In 1918 he was elevated to the peerage as Baron Bledisloe, and thereafter he served as Parliamentary Secretary for the Ministry of Agriculture and Fisheries between 1924 and 1928. Appointed Governor General of New Zealand amidst the height of the Great Depression, he won the public’s sympathy by personally insisting that his salary be cut by 30% in line with economies in the public service. This cut-back would prove significant enough that Bledisloe would have to use his private income to ensure he could still fulfill all of his vice-regal duties. He proved to be an outspoken Governor General, frequently delivering forceful addresses which would form the content of Ideals of Nationhood, and he ruffled some feathers by insisting that the press print his speeches in full and unedited.
Apart from donating the Bledisloe Cup – the large, specially designed and crafted silver trophy that has been given out to the winner of the annual trans-Tasman rugby series since 1931 – Bledisloe’s most significant legacy was that he made a significant positive impact on the relationship between New Zealand’s Māori and non-Māori populations. The Dictionary of New Zealand Biography records that:
‘Perhaps the Bledisloes’ most important and enduring action in New Zealand was their purchase of the site where the Treaty of Waitangi was signed in 1840. The property, which included James Busby’s house and 1,000 acres of adjacent land, was presented to the nation in May 1932 as a national memorial. The couple subsequently donated £500 to launch an appeal for the restoration of the Treaty House. The first ceremony to mark the signing of the treaty on 6 February took place in 1934, when a large number of people gathered from all parts of the country for the laying of the foundation stone for a new Māori meeting house. Until then, Pākehā New Zealanders had taken little interest in the site or the treaty. The Bledisloes’ initiatives marked the beginning of a process of rediscovery on the part of Pākehā and a broadening awareness among Māori… Bledisloe also made a significant contribution to the national recognition of the Māori King movement. He developed an enduring friendship with King Korokī and Te Puea Hērangi, and his easy acceptance of the title ‘king’ helped remove the reticence about using it in official circles. His public comments were notable, moreover, in neither patronising nor romanticising Māori.’
Bledisloe would have first met Robert Menzies in October 1934 when Menzies was first sworn in as federal Attorney General. Bledisloe happened to be visiting Canberra at the time, and Australia’s Governor General Isaac Isaacs hosted him for a vice-regal dinner in the evening after the swearing in ceremonies.

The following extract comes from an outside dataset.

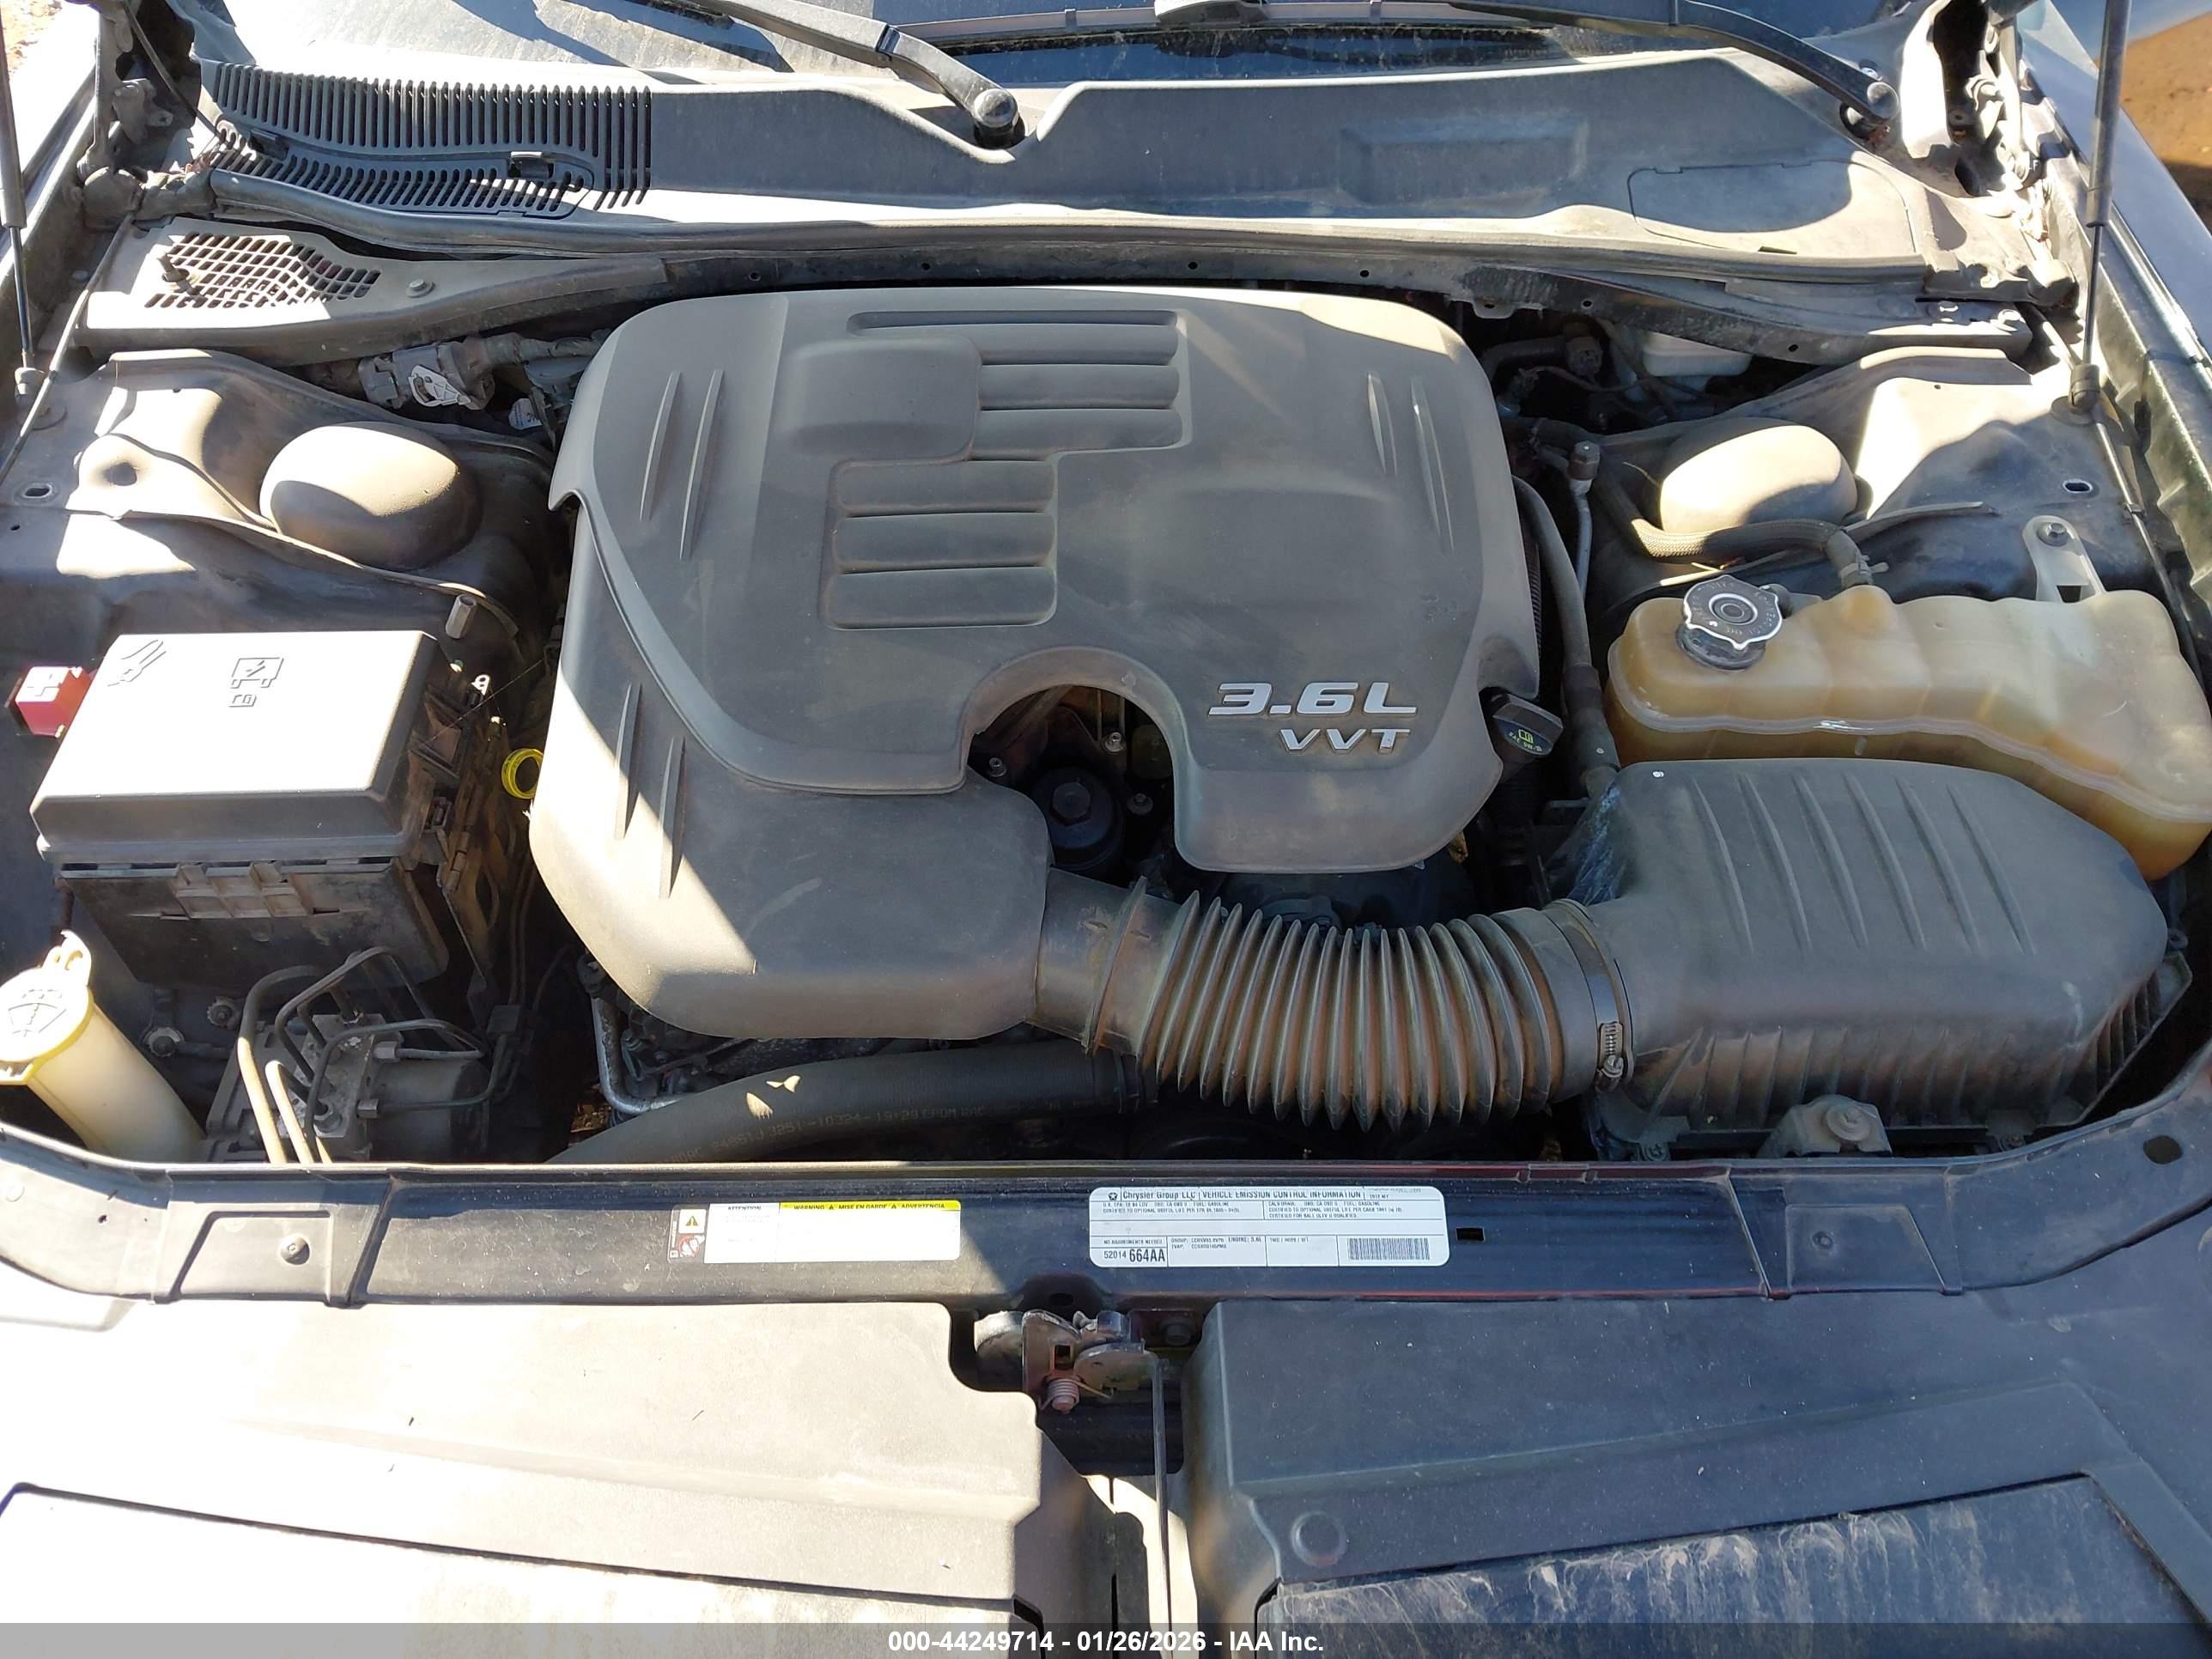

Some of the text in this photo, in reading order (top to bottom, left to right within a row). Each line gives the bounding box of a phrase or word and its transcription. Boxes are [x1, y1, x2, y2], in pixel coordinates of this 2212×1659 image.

With Bledisloe returning to Britain after his term expired, their next run in was likely in 1936 during negotiations over Pacific Shipping. As a member of the House of Lords, Bledisloe took it upon himself to act as an advocate of New Zealand interests, and these happened to frequently overlap with those of Australia, which Menzies was then in Britain to represent. The two men became quite close friends, and during Menzies’s wartime visit to Britain he would stay overnight at Bledisloe’s home. As was his habit, Menzies used his personal film camera to document the occasion, and it was also when Bledisloe gave him a copy of Ideals of Nationhood with the inscription:
‘Robert G. Menzies, Prime Minister of Australia from his friend Bledisloe Ex Governor General of New Zealand. Redhill House, Lydney, England, 12 April 1941.’
The Menzies Papers contain a handful of surviving letters further documenting how close the two became. In a note from 1940 Bledisloe describes Menzies as ‘the empire’s most eloquent statesman’. When Menzies was forced out of office the next year, Bledisloe sent him a long and sympathetic letter lauding his ‘public spirit’ and ‘selfless’ nature. Then later in 1949 in the lead up to Menzies’s watershed election victory, the two men would bond over their shared dislike of the ‘floppy’ socialists.